Radio Killed the Video Star
The Beeb did once possess a spine: Some old-time Beeb staffers were even allowed to get away with killing people. Chris Morris was one of the BBC’s finest-ever satirists, a so-called “media terrorist” who specialized in getting celebrities to say stupid things on air. In 1994, he took this to an extreme new level by providing news-bulletin-style updates about the health of the leading camera-courting Conservative Party politician and walking haircut Michael Heseltine on his radio show, along the lines of “If there is any news of the death of Michael Heseltine in the next hour, we’ll let you know.”

If you take such phrases absolutely literally, they are not actually saying Heseltine was truly dying at all (which he was not), merely making a statement of the obvious—i.e., that if any famous person dies while we’re on air, like Hezza, we’ll obviously announce the fact—but still Morris managed to dupe politicians and celebrities into contributing to the man’s fake obituary tapes, just in case.

When Heseltine himself heard these greatly exaggerated rumors of his own demise, he just laughed, but Morris’ fellow scandal-dogged BBC star, DJ and celebrity pedophile Sir Jimmy Savile, was less amused when a similar stunt was pulled on him one Boxing Day and threatened to sue the Beeb for ruining his Christmas.

“At some point he’ll actually kill someone,” joked BBC comedy producer Armando Iannucci of Morris later. “He’ll tape it, then broadcast it.” Given that it later transpired Savile was a prolific sex offender, even up to the point of abusing sick children, corpses, and dying patients in hospitals, it was a shame Iannucci’s prediction did not come true.

Dead Air
But it turns out the BBC actually has killed people down the years for real, not just as an on-air joke—and not the right ones, either, like Jimmy Savile or Michael Heseltine.

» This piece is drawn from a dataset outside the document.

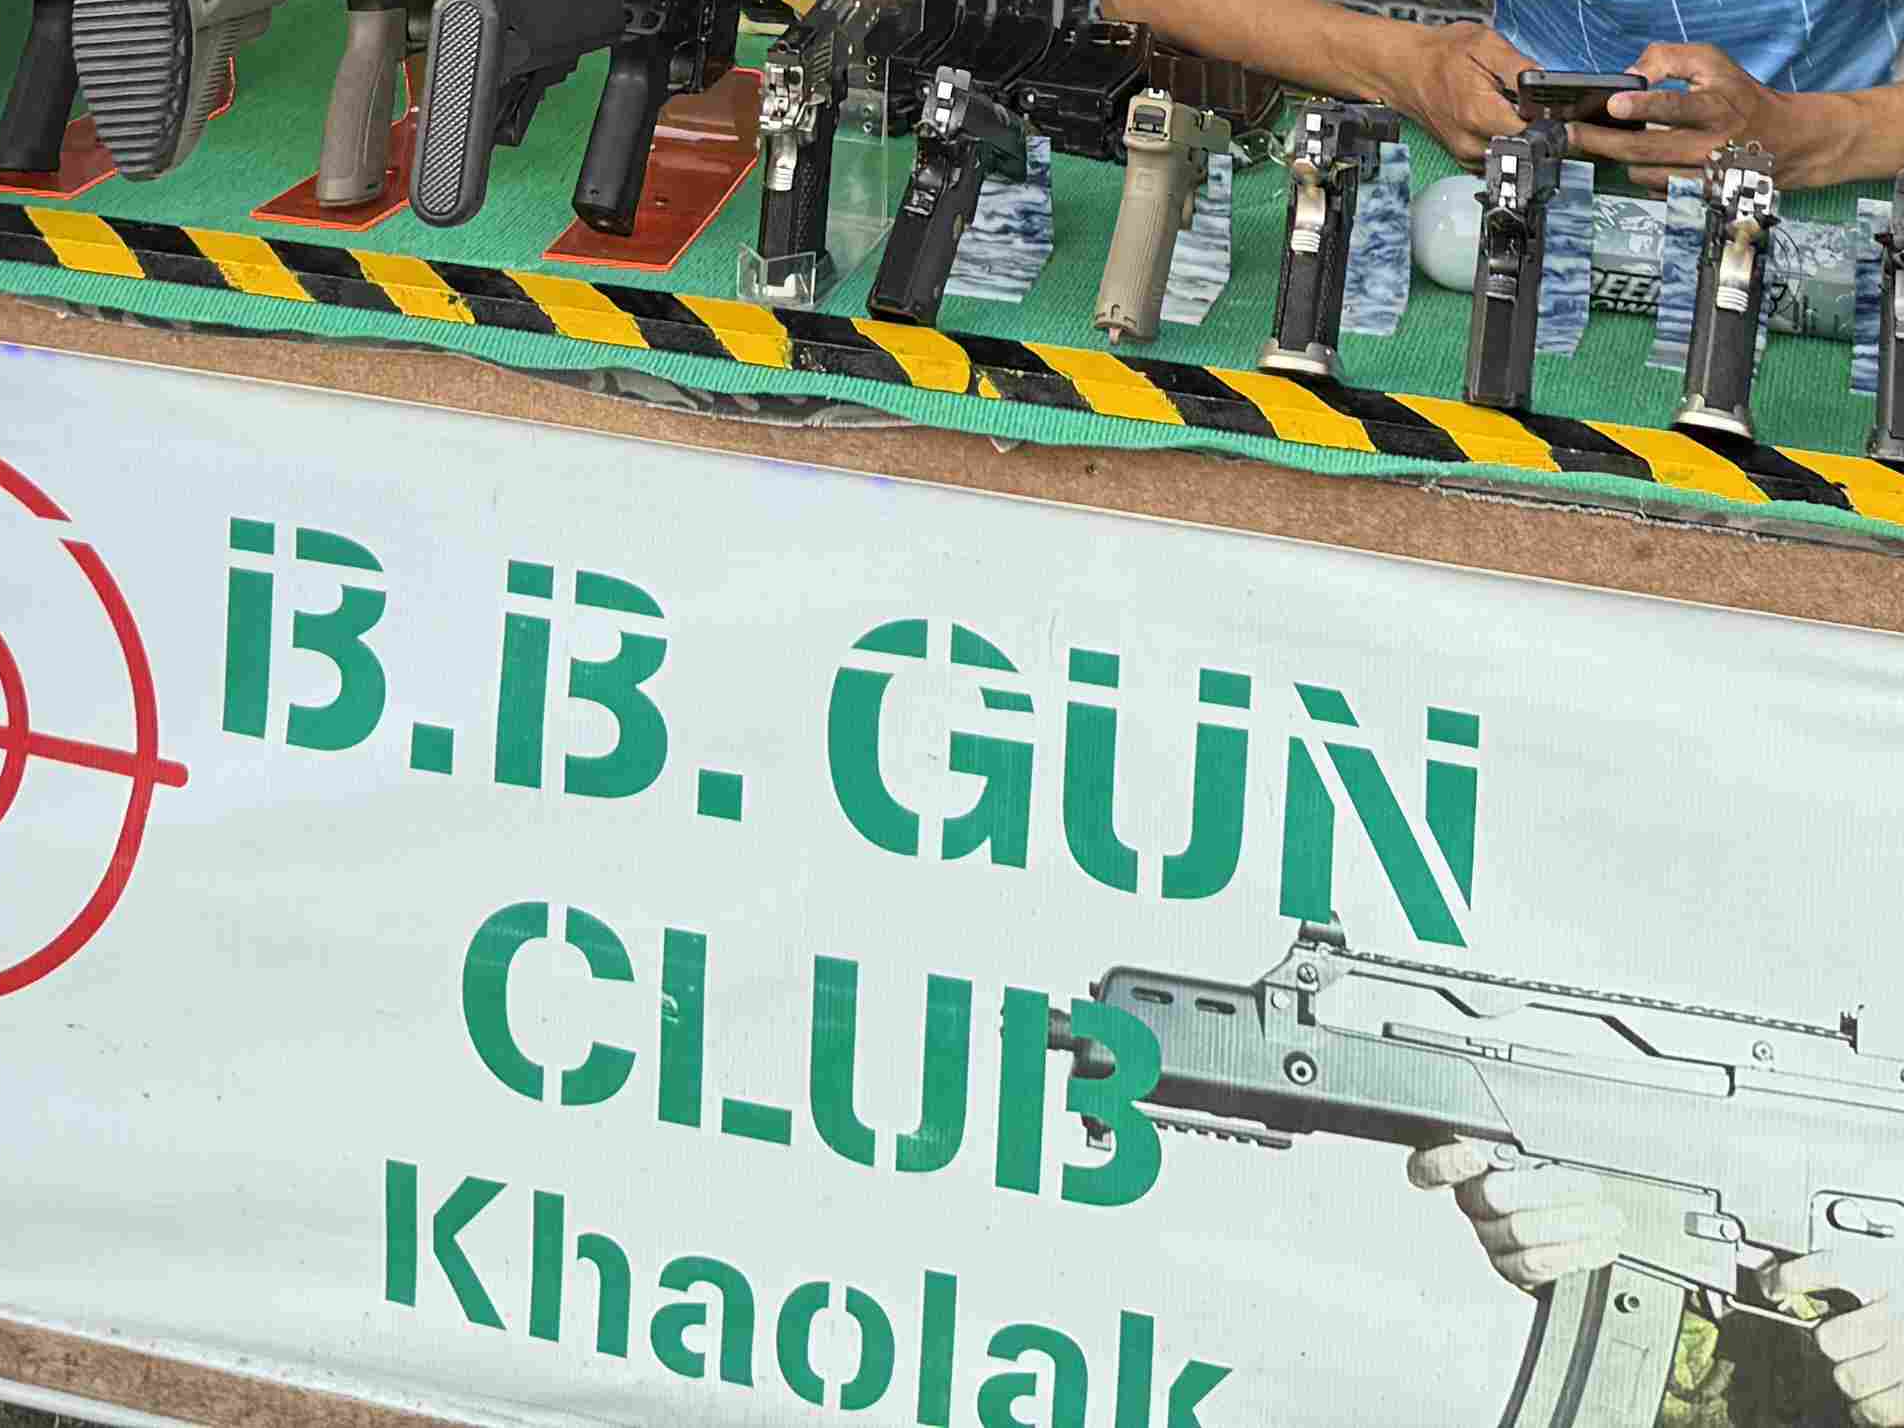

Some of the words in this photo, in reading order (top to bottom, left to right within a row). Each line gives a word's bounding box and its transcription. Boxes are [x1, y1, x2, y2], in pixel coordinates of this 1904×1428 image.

[222, 517, 743, 824] B.B.
[826, 617, 1481, 948] GUN
[461, 900, 1164, 1208] CLUB
[383, 1158, 1233, 1428] Khaolak

In 1975, 50-year-old bricklayer Alex Mitchell was so amused by the sight of a Scotsman in a kilt fighting off an attack from a killer black pudding on the popular BBC sketch show The Goodies that he couldn’t stop laughing for 25 minutes straight, whereupon he collapsed and died. In a less litigation-hungry age, Mitchell’s widow then wrote to the BBC, thanking it for making her late husband’s final moments on Earth so enjoyable!

Less pleased was the family of another innocent man murdered by the BBC. The Late, Late Breakfast Show was a 1980s Saturday-evening light entertainment program hosted by superstar DJ Noel Edmonds and broadcast live on prime-time BBC1 between 1982 and 1986—until one of its contestants was killed during a stunt gone tragically wrong.

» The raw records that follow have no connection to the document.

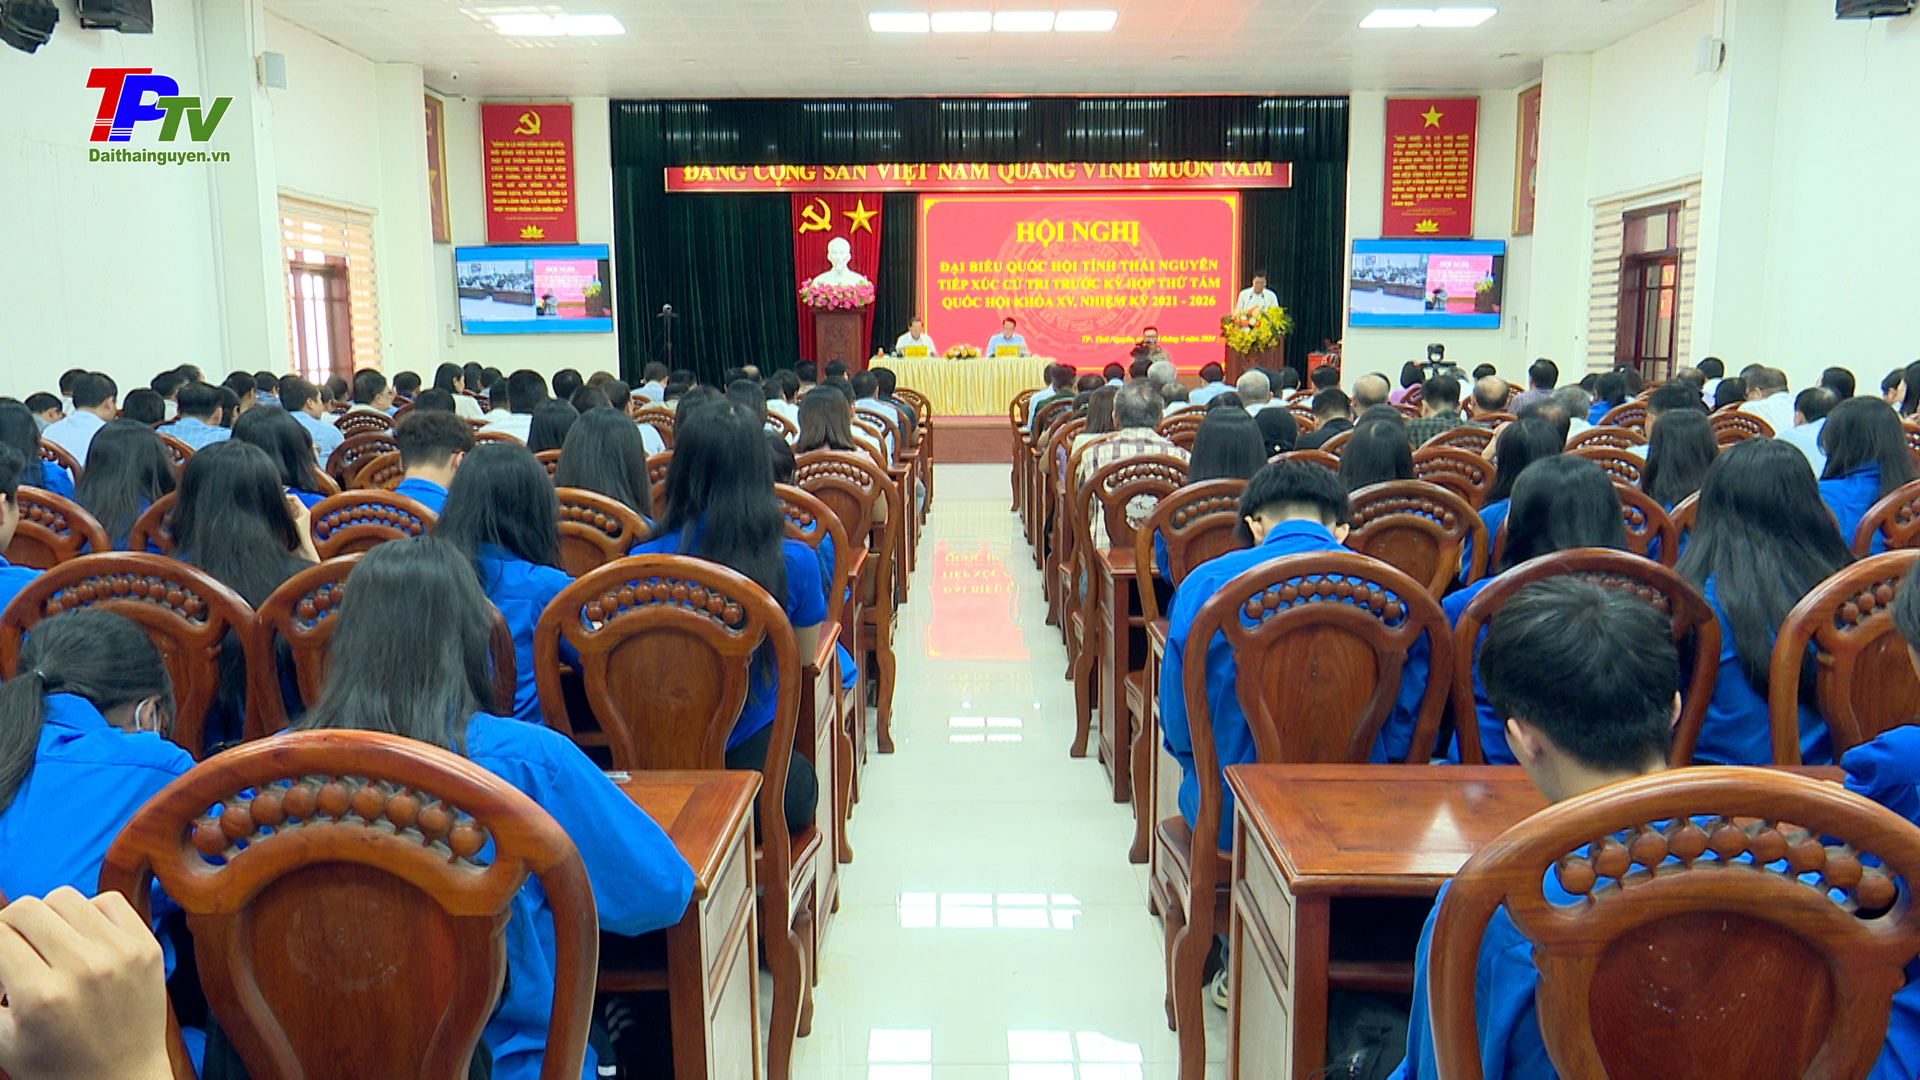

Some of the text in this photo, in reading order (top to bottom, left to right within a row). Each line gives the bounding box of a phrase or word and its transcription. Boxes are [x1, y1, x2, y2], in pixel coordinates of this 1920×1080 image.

[937, 163, 991, 180] NAM
[997, 162, 1077, 184] QUANG
[1082, 162, 1142, 179] VINH
[1016, 218, 1140, 248] HỘI NGHỊ
[940, 260, 965, 276] ĐẠI
[1006, 257, 1048, 274] QUỐC
[1051, 259, 1078, 274] HỘI
[1119, 257, 1155, 272] THÁI
[1159, 257, 1219, 272] NGUYÊN
[937, 277, 969, 290] TIẾP
[971, 275, 1000, 290] XÚC
[1026, 279, 1049, 290] TRI
[1126, 277, 1156, 292] HỌP
[1189, 275, 1221, 289] TÁM
[942, 293, 982, 310] QUỐC
[985, 295, 1011, 309] HỘI
[1013, 293, 1054, 308] KHÓA
[1056, 295, 1078, 308] XV,
[1080, 295, 1126, 310] NHIỆM
[1151, 295, 1178, 307] 2021
[1188, 295, 1217, 307] 2026

The show boasted of having the most dangerous stunts on TV, once being subjected to preemptive action from the Health and Safety Executive for its ridiculously irresponsible plan to see if a man could escape from an exploding chimney into a helicopter, whilst on another occasion a woman was shot from a cannon, breaking her arm.

In 1986, 24-year-old contestant Michael Lush took part in a challenge with the inadvertently apt title “Hang ’Em High,” bungee jumping from an explosive box 120 feet in the air whilst trying to escape from chains and a straitjacket. However, upon his first practice leap, the bungee rope came loose and he went careering into the ground, dying instantly. The show had not even arranged an ambulance to be on hand. The Late, Late Breakfast Show soon lived up to its name by being immediately canceled.

So, perhaps today’s Boring Bastards’ Club scandals are nothing much by comparison with some of those of its past after all. Come on, BBC, get back to doing what you’re actually good at again: acts of live public murder! May I humbly suggest you begin with whoever it is that commissions 99.999% of your unbelievably shitty programs at present?